Task goal: What is needed is an exact copy of the entries below, with every picture left out.

Image-backed grounding data:
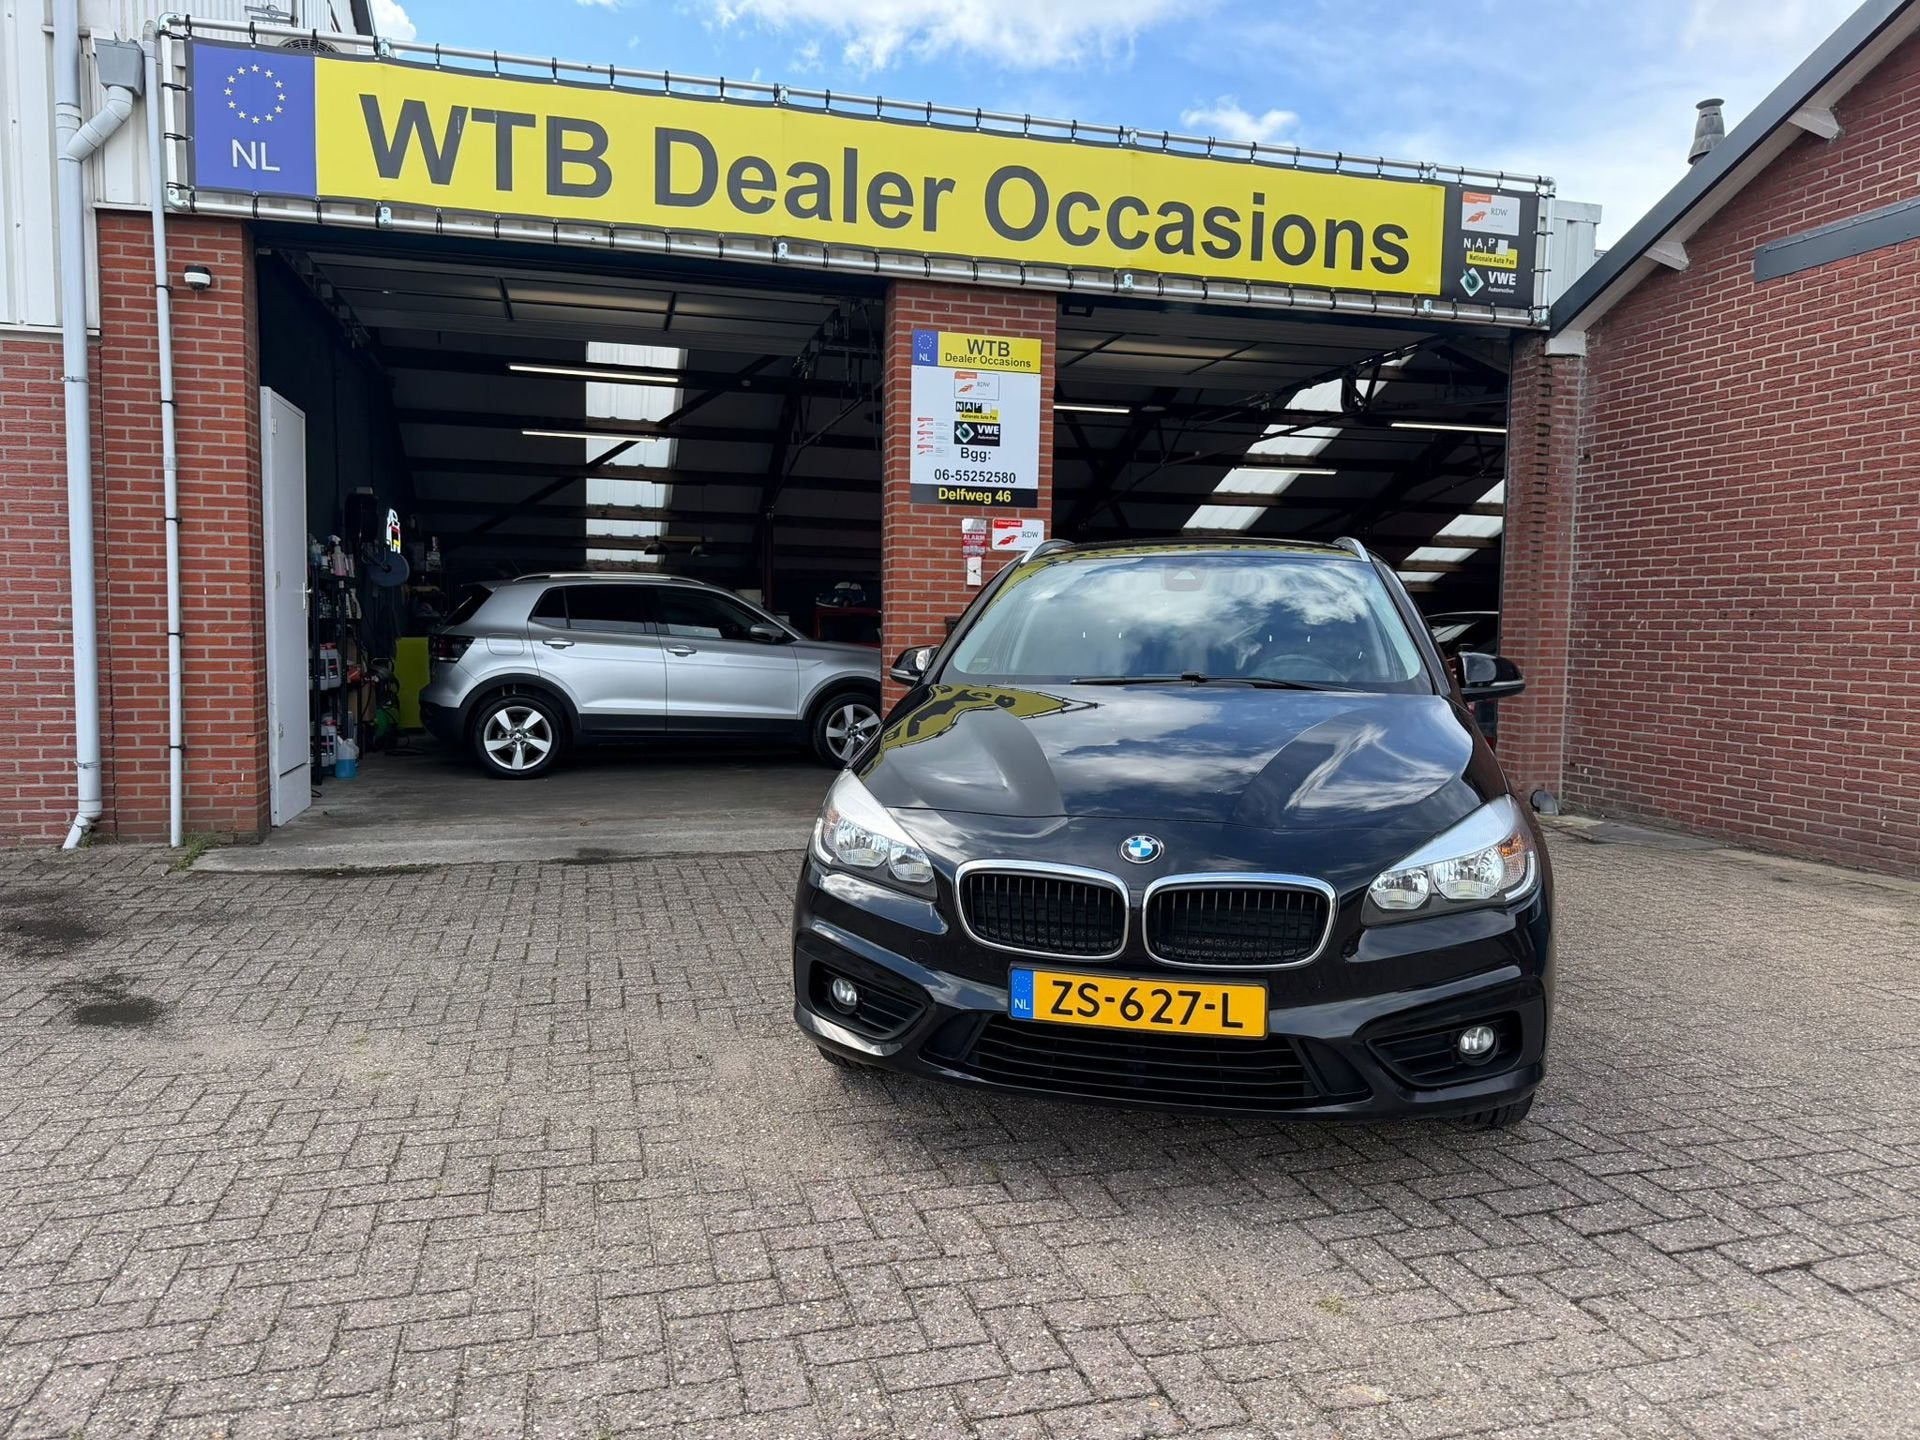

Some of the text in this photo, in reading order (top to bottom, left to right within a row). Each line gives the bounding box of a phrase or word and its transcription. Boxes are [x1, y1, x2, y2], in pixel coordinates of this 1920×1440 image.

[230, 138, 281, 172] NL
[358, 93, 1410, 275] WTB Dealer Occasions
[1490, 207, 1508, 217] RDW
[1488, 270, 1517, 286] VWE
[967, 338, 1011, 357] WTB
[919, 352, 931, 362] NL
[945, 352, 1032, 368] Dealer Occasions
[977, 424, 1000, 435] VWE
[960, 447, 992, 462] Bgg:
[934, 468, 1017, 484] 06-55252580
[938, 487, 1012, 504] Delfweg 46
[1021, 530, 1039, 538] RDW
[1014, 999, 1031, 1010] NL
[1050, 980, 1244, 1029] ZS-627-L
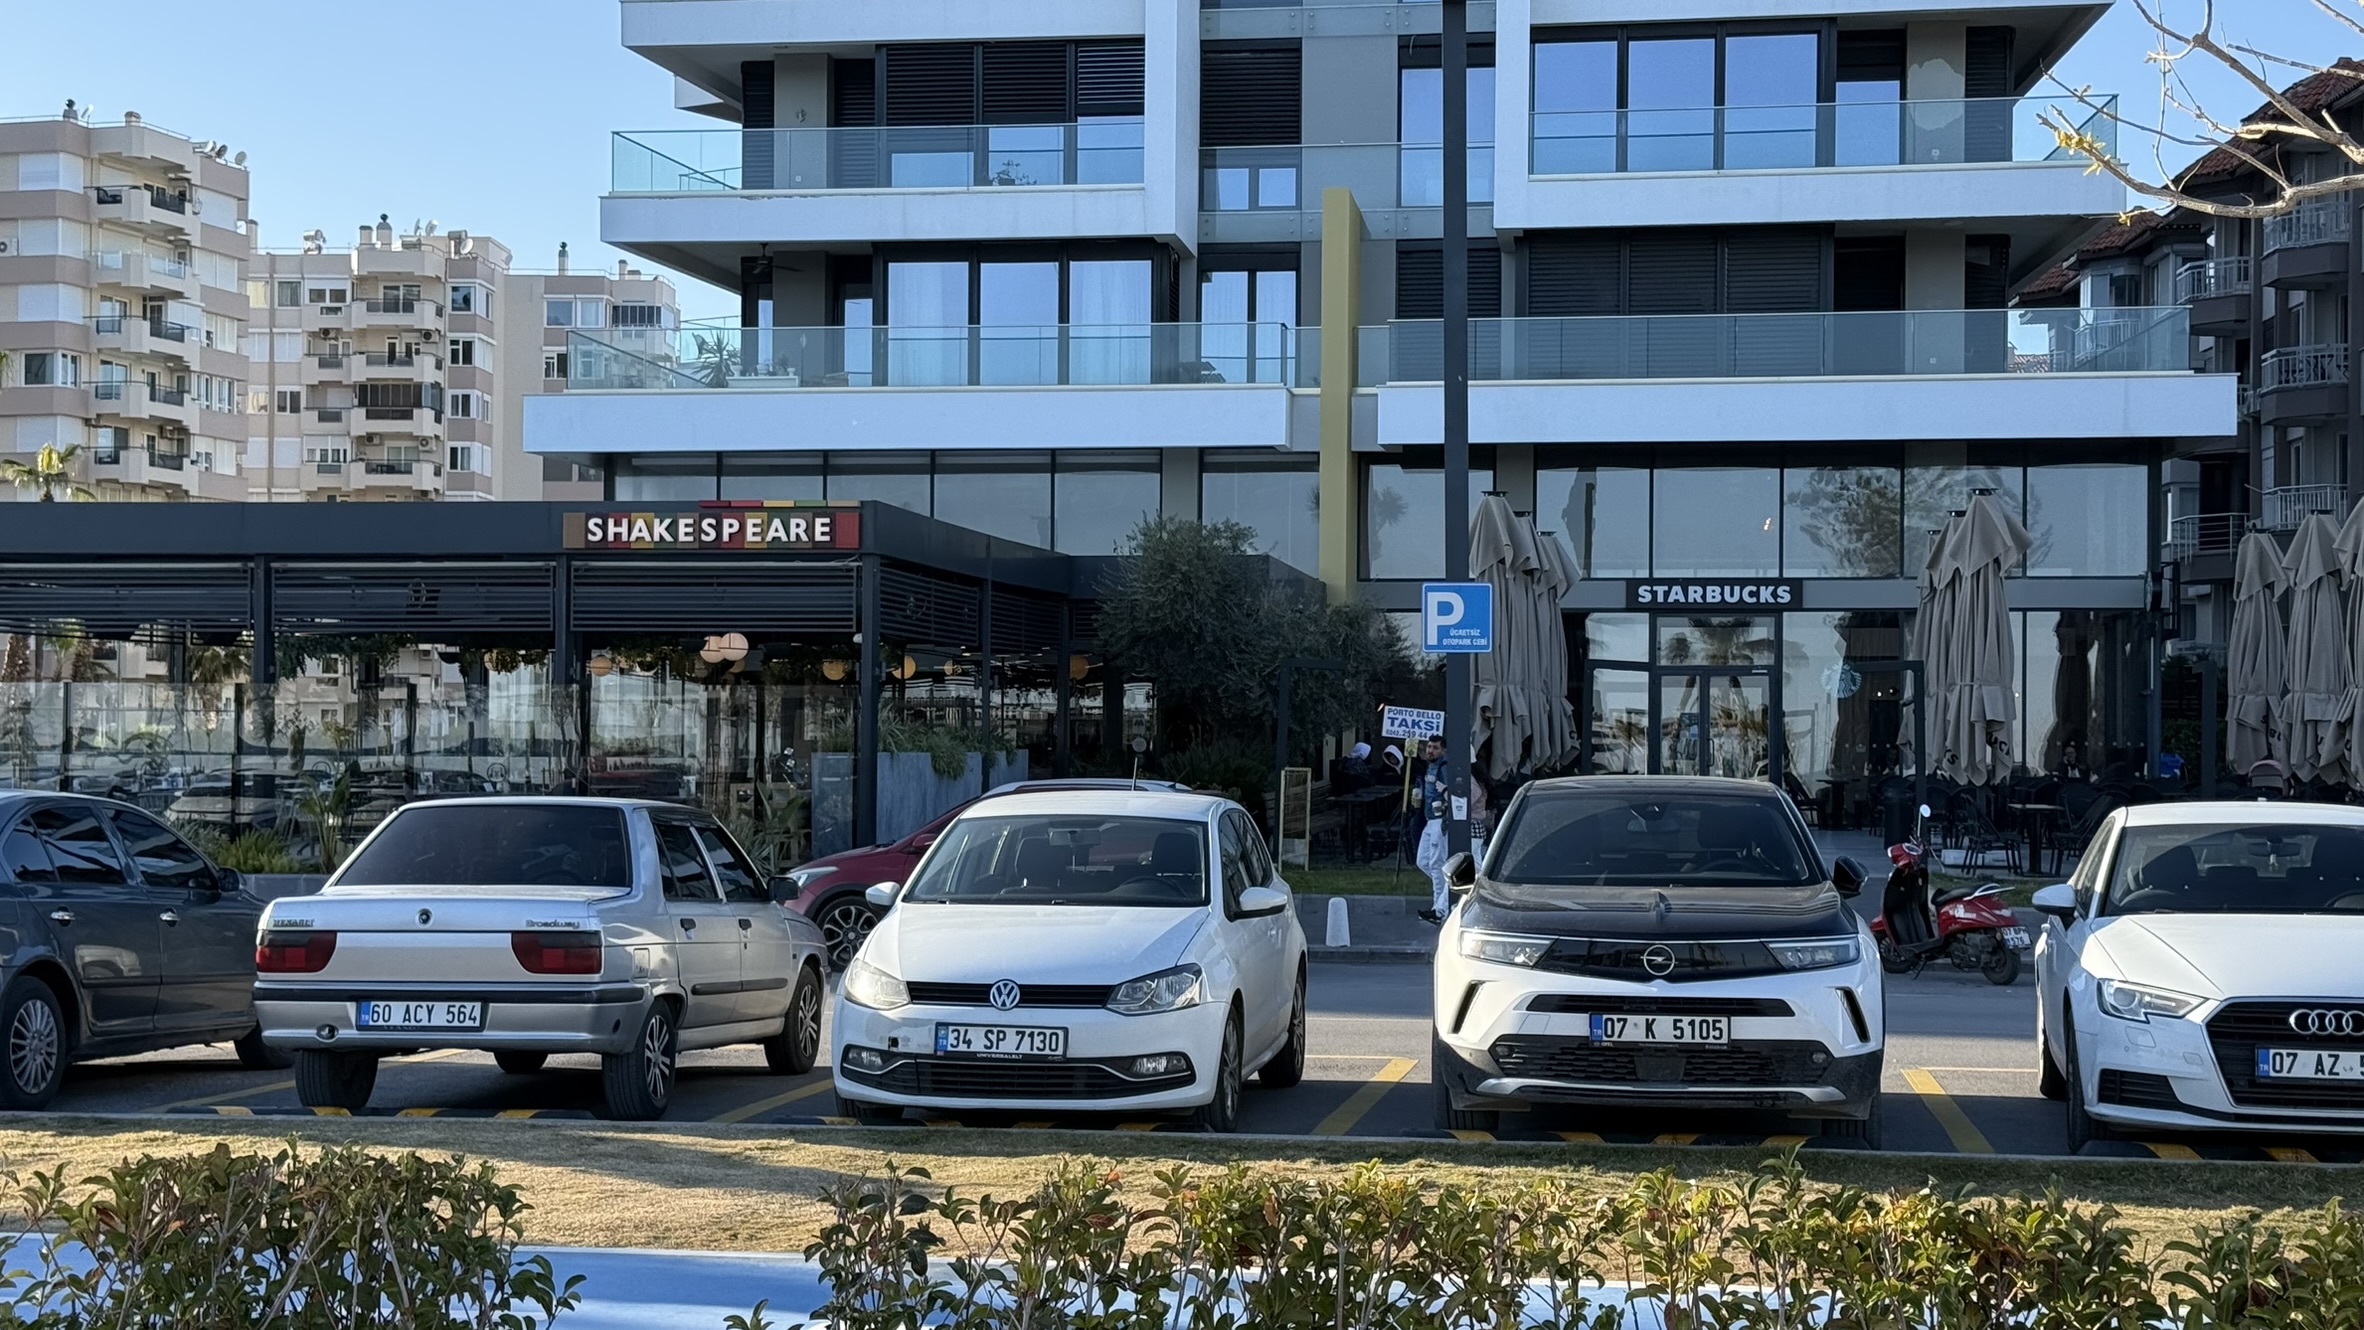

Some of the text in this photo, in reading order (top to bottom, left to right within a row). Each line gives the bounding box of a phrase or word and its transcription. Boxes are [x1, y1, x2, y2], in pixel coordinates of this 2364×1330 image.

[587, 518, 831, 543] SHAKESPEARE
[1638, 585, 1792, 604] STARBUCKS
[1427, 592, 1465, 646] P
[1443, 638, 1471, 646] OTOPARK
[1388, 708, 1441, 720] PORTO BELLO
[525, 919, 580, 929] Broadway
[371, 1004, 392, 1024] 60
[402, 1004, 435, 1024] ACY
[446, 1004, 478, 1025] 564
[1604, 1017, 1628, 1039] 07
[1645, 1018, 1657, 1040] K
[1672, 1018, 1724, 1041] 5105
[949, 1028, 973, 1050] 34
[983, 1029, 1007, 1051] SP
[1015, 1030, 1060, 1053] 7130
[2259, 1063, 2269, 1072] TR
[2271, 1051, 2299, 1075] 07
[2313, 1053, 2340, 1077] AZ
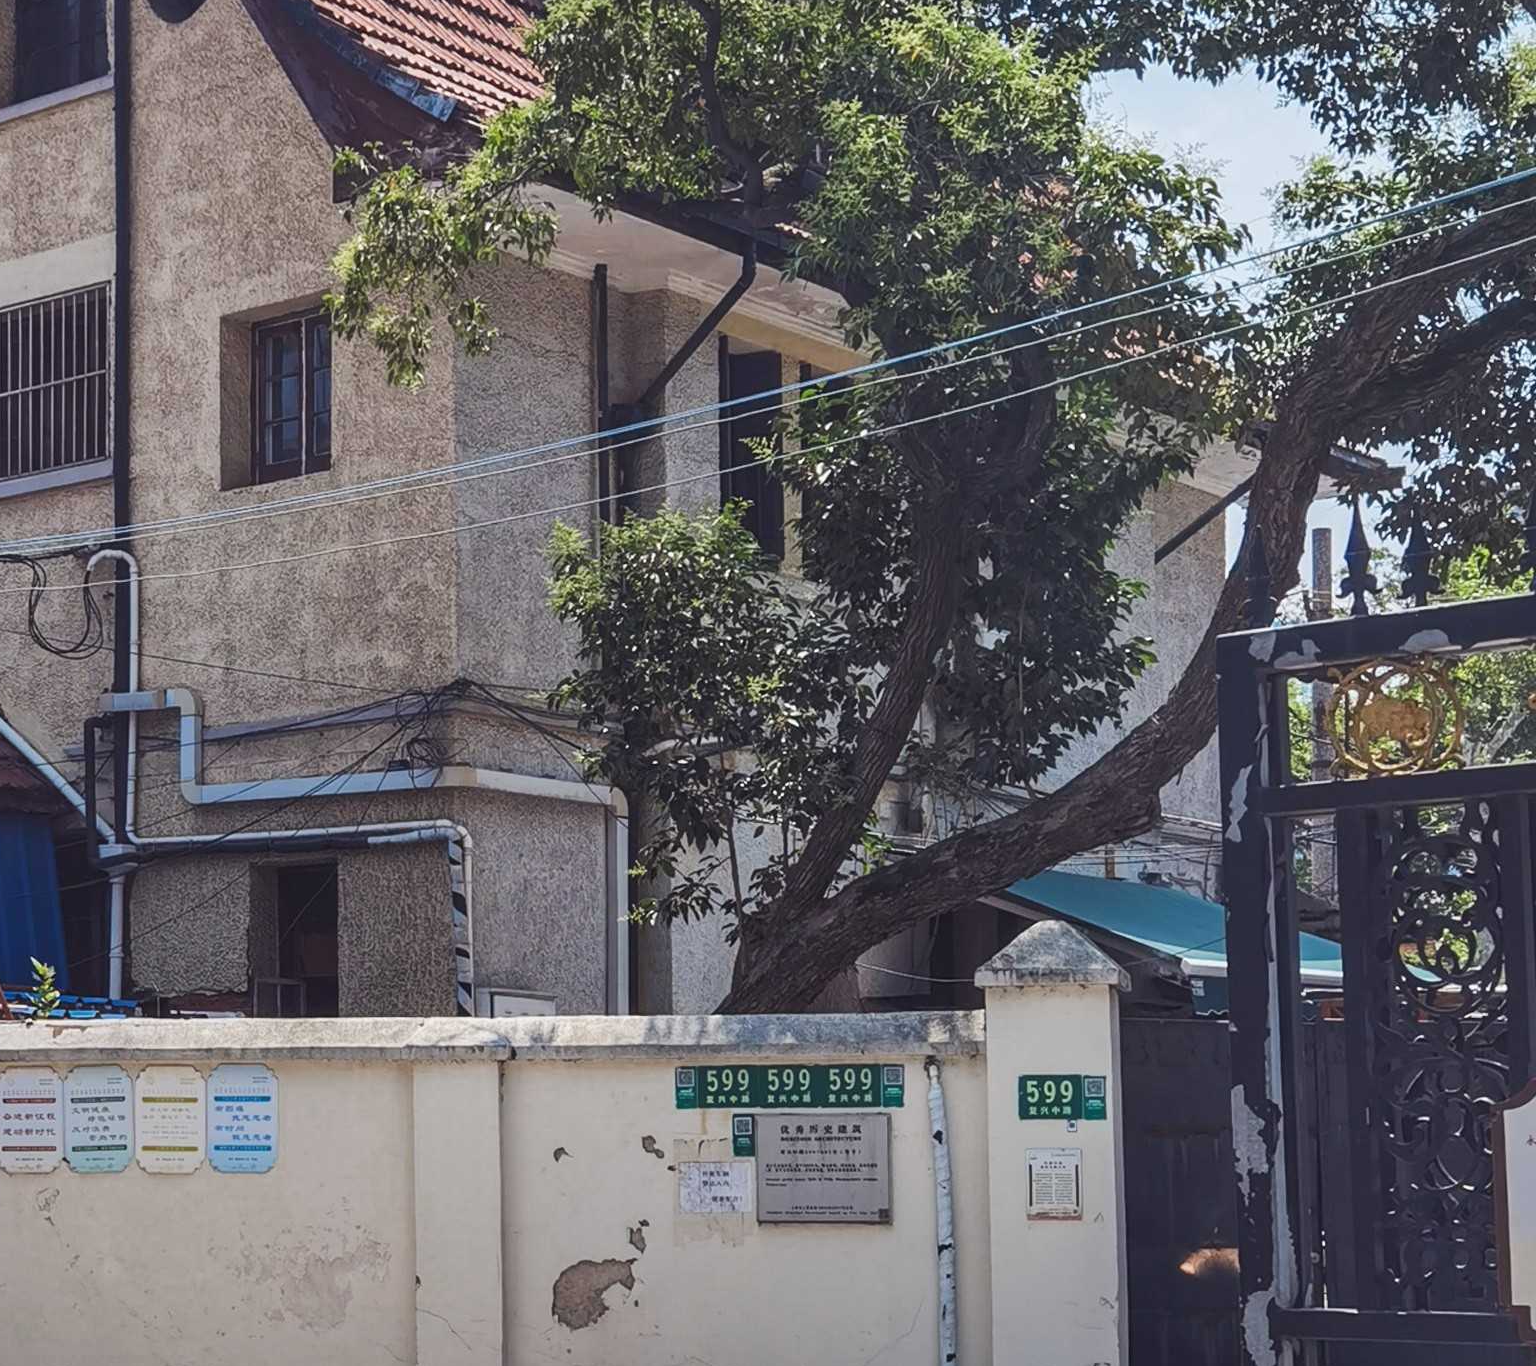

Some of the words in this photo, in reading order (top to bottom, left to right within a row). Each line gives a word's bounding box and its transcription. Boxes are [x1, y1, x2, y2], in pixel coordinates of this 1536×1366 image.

Exercise solution:
Some of the text in this photo, in reading order (top to bottom, left to right within a row). Each line gives the bounding box of a phrase or word and its transcription. Boxes are [x1, y1, x2, y2], in pixel coordinates of this 1920×1440 image.

[230, 138, 281, 172] NL
[358, 93, 1410, 275] WTB Dealer Occasions
[1490, 207, 1508, 217] RDW
[1488, 270, 1517, 286] VWE
[967, 338, 1011, 357] WTB
[919, 352, 931, 362] NL
[945, 352, 1032, 368] Dealer Occasions
[977, 424, 1000, 435] VWE
[960, 447, 992, 462] Bgg:
[934, 468, 1017, 484] 06-55252580
[938, 487, 1012, 504] Delfweg 46
[1021, 530, 1039, 538] RDW
[1014, 999, 1031, 1010] NL
[1050, 980, 1244, 1029] ZS-627-L

Some of the text in this photo, in reading order (top to bottom, left to right within a row). Each line gives the bounding box of a phrase or word and its transcription. Boxes are [x1, y1, x2, y2], in pixel coordinates of this 2364×1330 image.

[587, 518, 831, 543] SHAKESPEARE
[1638, 585, 1792, 604] STARBUCKS
[1427, 592, 1465, 646] P
[1443, 638, 1471, 646] OTOPARK
[1388, 708, 1441, 720] PORTO BELLO
[525, 919, 580, 929] Broadway
[371, 1004, 392, 1024] 60
[402, 1004, 435, 1024] ACY
[446, 1004, 478, 1025] 564
[1604, 1017, 1628, 1039] 07
[1645, 1018, 1657, 1040] K
[1672, 1018, 1724, 1041] 5105
[949, 1028, 973, 1050] 34
[983, 1029, 1007, 1051] SP
[1015, 1030, 1060, 1053] 7130
[2259, 1063, 2269, 1072] TR
[2271, 1051, 2299, 1075] 07
[2313, 1053, 2340, 1077] AZ

Some of the words in this photo, in reading order (top to bottom, left to right within a row). Each line gives a word's bounding box and its transcription. Boxes are [x1, y1, x2, y2], in pixel coordinates of this 1536×1366 image.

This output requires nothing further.